Habib yang Pejuang
Nama Habib Husein bin Abu Bakar Alhabsyi cukup dikenal bukan hanya di Jawa Timur, tapi juga di Nusantara. Putra kelahiran Surabaya 21 April 1921 ini, dikenal sebagai tokoh yang sangat vokal dalam membela Islam. Lebih-lebih pada masa Orde Baru, ustadz yang pernah menduduki kepengurusan teras Masyumi bersama Dr Mohamad Natsir ini, tidak jarang harus berhadapan dengan penguasa di zaman itu.
Untuk pendiriannya yang tegas dalam membela kepentingan umat Islam ini, ustadz yang selalu berpenampilan bersih harus beberapa kali masuk penjara.
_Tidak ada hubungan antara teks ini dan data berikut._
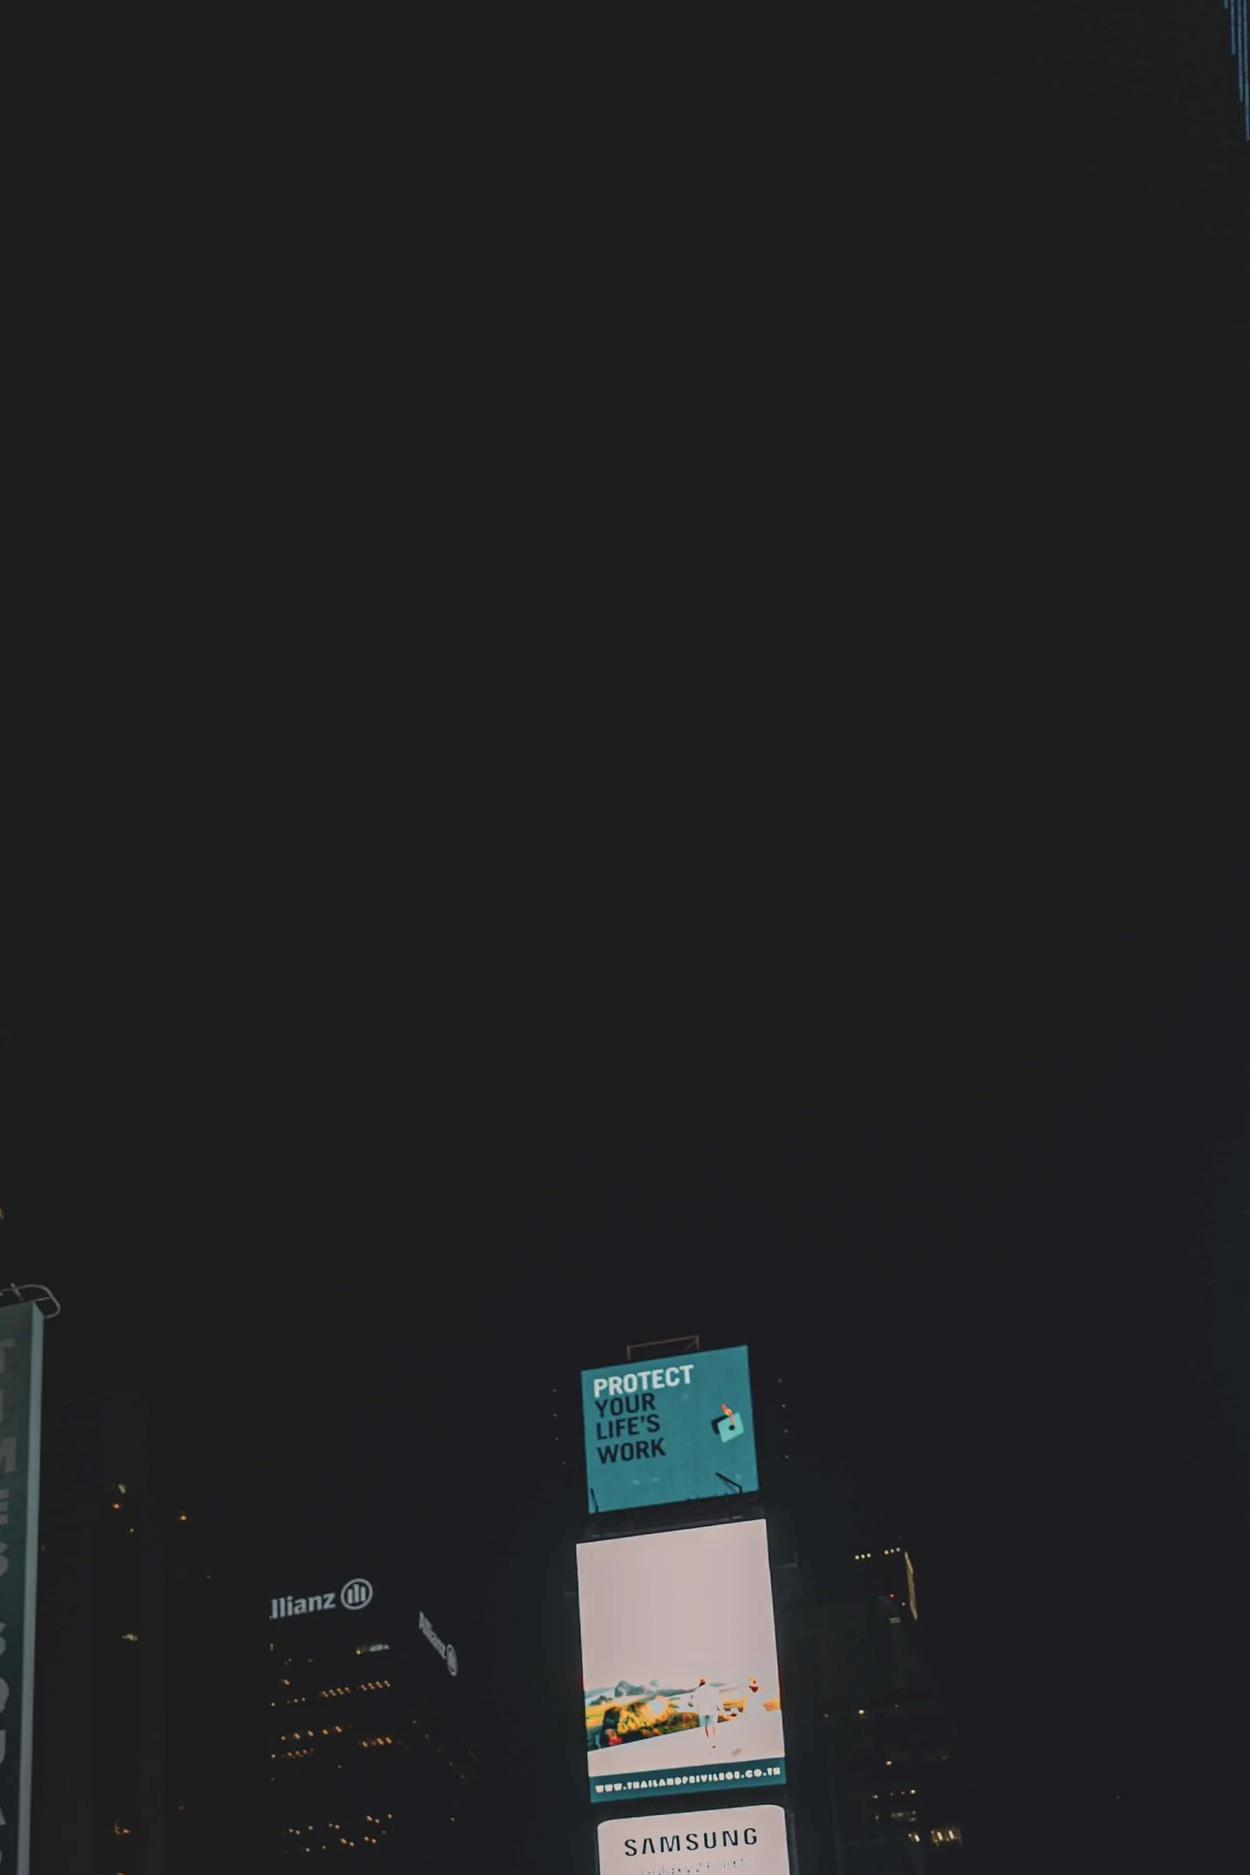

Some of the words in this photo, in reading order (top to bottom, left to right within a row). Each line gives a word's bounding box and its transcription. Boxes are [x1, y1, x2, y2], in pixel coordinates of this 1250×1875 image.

Tapi, itu semua dihadapinya dengan kesabaran, tabah, dan ruh tawakal yang luar biasa.
Pengetahuannya tentang Islam telah dimulai sejak kecil melalui pendidikan dasar di madrasah Al-Khoriyah di Surabaya. Pada usia 10 tahun ia sudah aktif mengikuti pengajian rutin yang membahas masalah-masalah fikih, tauhid, dan berbagai kitab lainnya. Berkat ketekunannya itu, sejak usia 12 tahun, Ustadz Husein sudah mampu menguasai dan membaca kitab-kitab dalam bahasa Arab.
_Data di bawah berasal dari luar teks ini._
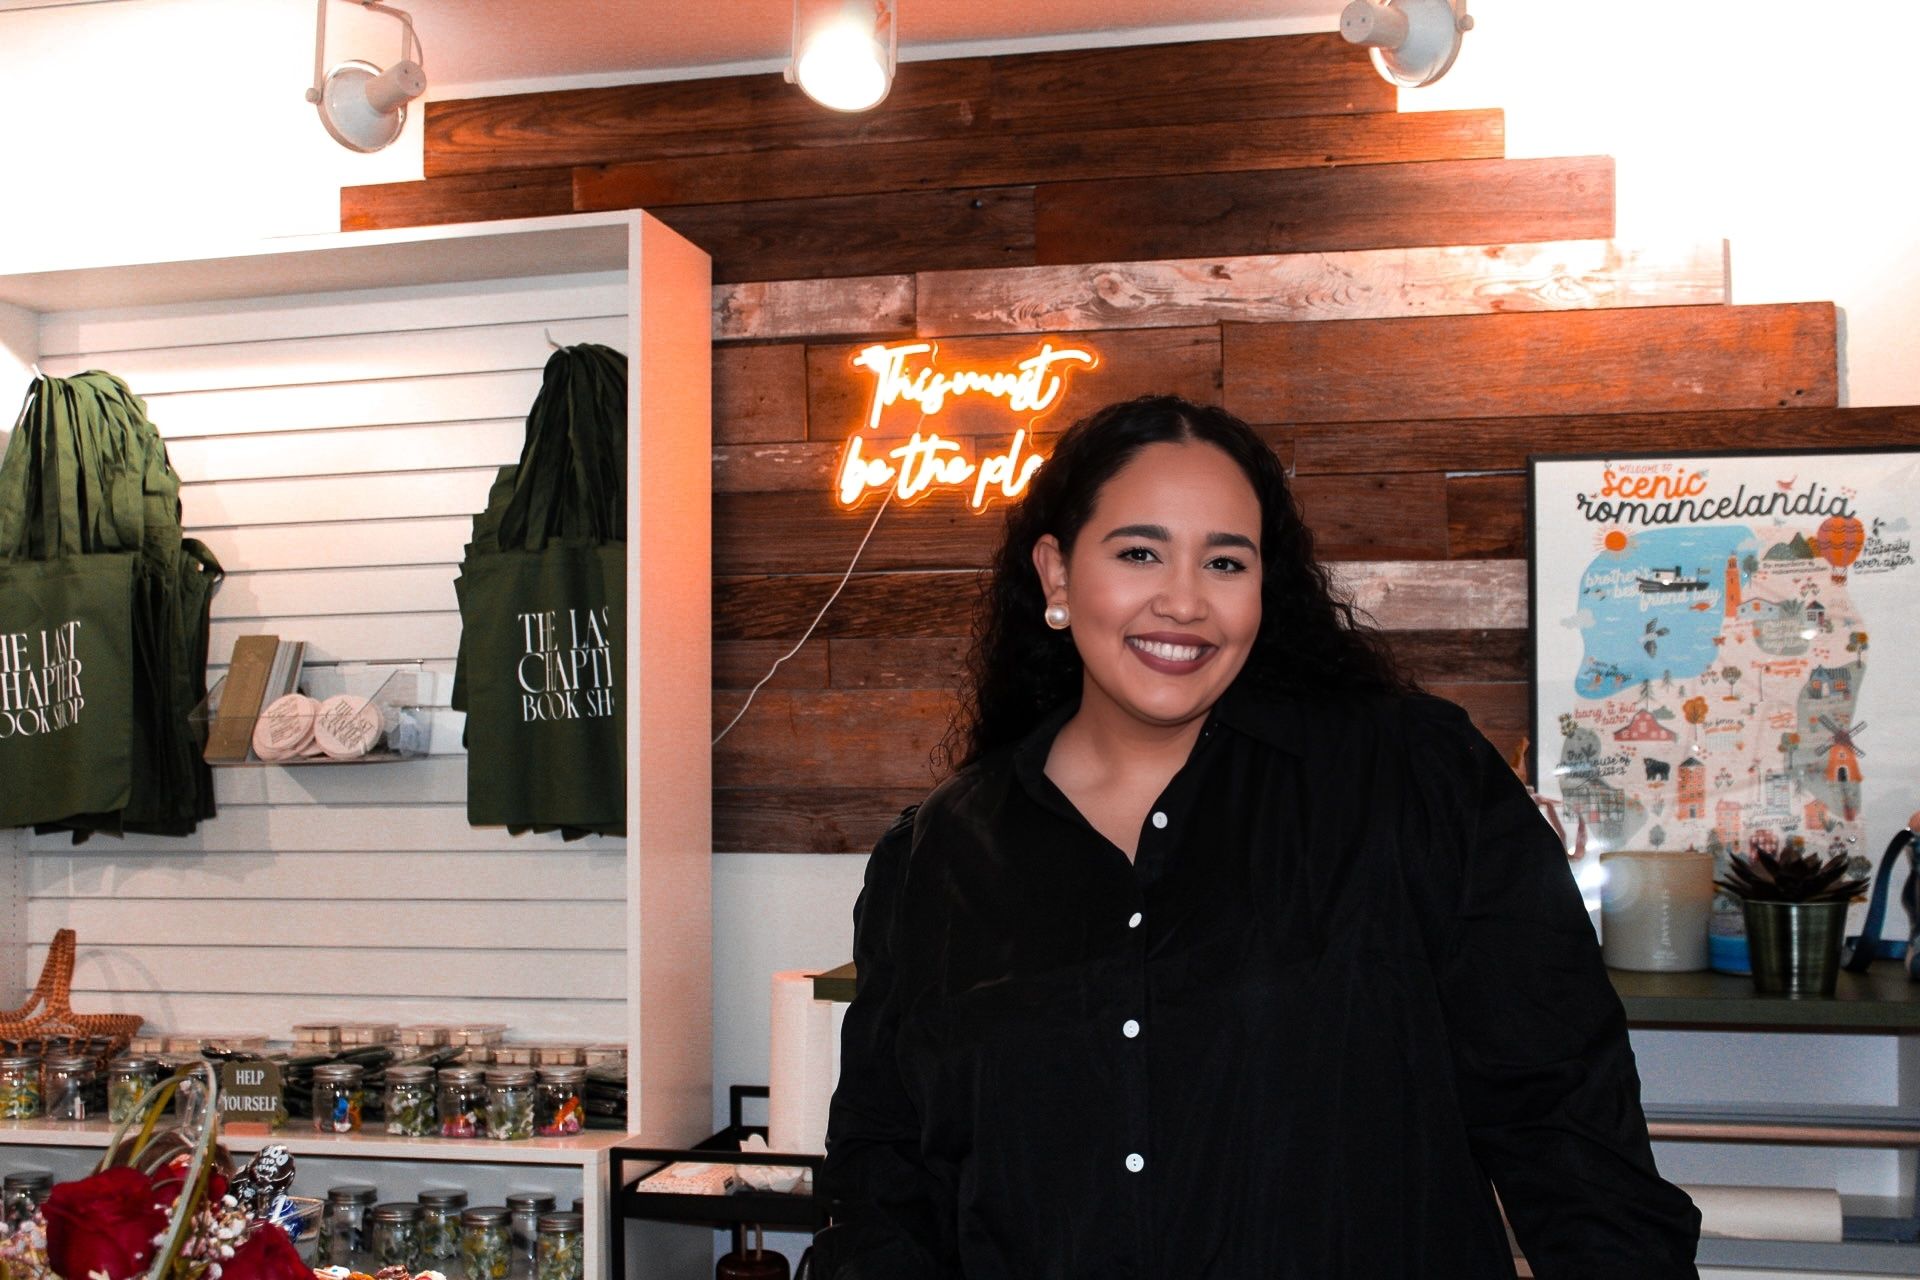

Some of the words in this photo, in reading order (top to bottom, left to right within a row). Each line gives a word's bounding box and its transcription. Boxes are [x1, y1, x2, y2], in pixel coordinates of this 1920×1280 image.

[853, 343, 952, 428] This
[950, 344, 1092, 411] must
[841, 436, 896, 504] be
[889, 432, 976, 499] the
[1601, 467, 1707, 499] scenic
[1619, 464, 1658, 474] WELCOME
[1577, 482, 1856, 525] romancelandia
[518, 610, 558, 654] THE
[522, 691, 580, 722] BOOK
[586, 688, 614, 718] SH
[236, 1069, 265, 1086] HELP
[223, 1095, 279, 1112] YOURSELF
Setelah lulus, ia kemudian mengajar di madrasah Al-Khoriyah tempat ia digembleng, bersama kakaknya Ustadz Ali. Kedua bersaudara ini kemudian khijrah ke Penang, Malaysia. Haus untuk mendapatkan ilmua, ustadz Husein pernah berguru pada Habib Abdul Kadir Bafagih (ulama besar dan ahli hadis), Syekh Mohammad Roba Hassuna (seorang ulama dari Palestina yang juga mengajar di madrasah Al-Khairiyah, Habib Alwi bin Tahir Alhadad (ulama dan mufti Johor Malaysia), Sayid Muhammad Muntasir Al-Kattani (dari dari Maroko).
Sepulang dari Malaysia, Ustadz Husein mulai aktivitas dakwah dan banyak berkecimpung dalam dunia politik. Dalam menapaki jenjang karirnya di dunia politik ini, ia sempat menduduki kepengurusan teras Masyumi.
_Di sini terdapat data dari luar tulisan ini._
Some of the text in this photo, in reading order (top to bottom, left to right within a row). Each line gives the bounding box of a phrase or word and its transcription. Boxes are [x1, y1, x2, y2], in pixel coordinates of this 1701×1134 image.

Di sela kegiatannya yang padat, Ustad Husein masih sempat mengadakan safari dakwah, menyisir daerah-daerah terpencil kaum Muslimin seperti Sorong, pedalaman Maluku, Kalimantan, Sulawesi, dan Sumatera. Karena ketegasannya dalam memperjuangkan cita-cita umat Islam, tidak jarang ia harus berhadapan dengan pihak penguasa dan beberapa kali dijebloskan ke penjara.
Pada tahun 1960-an, Masyumi dibubarkan oleh Presiden Soekarno. Setelah tidak lagi aktif dalam partai politik, Ustadz Husein berpendapat bahwa perjuangan Islam lebih afdol melalui pendidikan agama, bukan politik praktis. Dalam pikirannya terbersit keinginan untuk mendirikan sebuah lembaga pendidikan Islam.
Menurut Habib Muhammad Alhabsyi, muridnya, sikap Ustadz Husein yang anti ‘Barat’ dan ‘sekularisme’ mendorongnya untuk menerapkan sitstem pendidikan dan peraturan yang sangat ketat bagi para santri.
Pada tahun 1971 Ustadz Husein mendidikan Pondok Pesantren (Ponpes) di Bondowoso, Jawa Timur. Dari Bondowoso kemudian hijrah dan mendirikan YAPI Bangil. Karena perkembangannya yang pesat, ia kemudian membangun Pesentren Putra di Kenep-Beji, Pesantren Putri dan TK di Bangil.
Enam tahun kemudian, berdirilah Pesantren Al-Ma’hadul Islami di desa Gunung Sari (Kenep), sekitar 40 km dari kota Surabaya — antara Bangil – Pandaan — di Kabupaten Pasuruan, Jawa Timur. Pesantren ini dikelola Yayasan Pesantren Islam (YAPI), didirikan 21 Juni 1976 oleh Ustadz Husein Bin Abu Bakar. Di dekatnya, terdapat sebuah pesantren khusus untuk putri yang juga dikelola YAPI. Selama 18 tahun kedua pesantren ini telah mencetak lebih seribu santri putra dan putri.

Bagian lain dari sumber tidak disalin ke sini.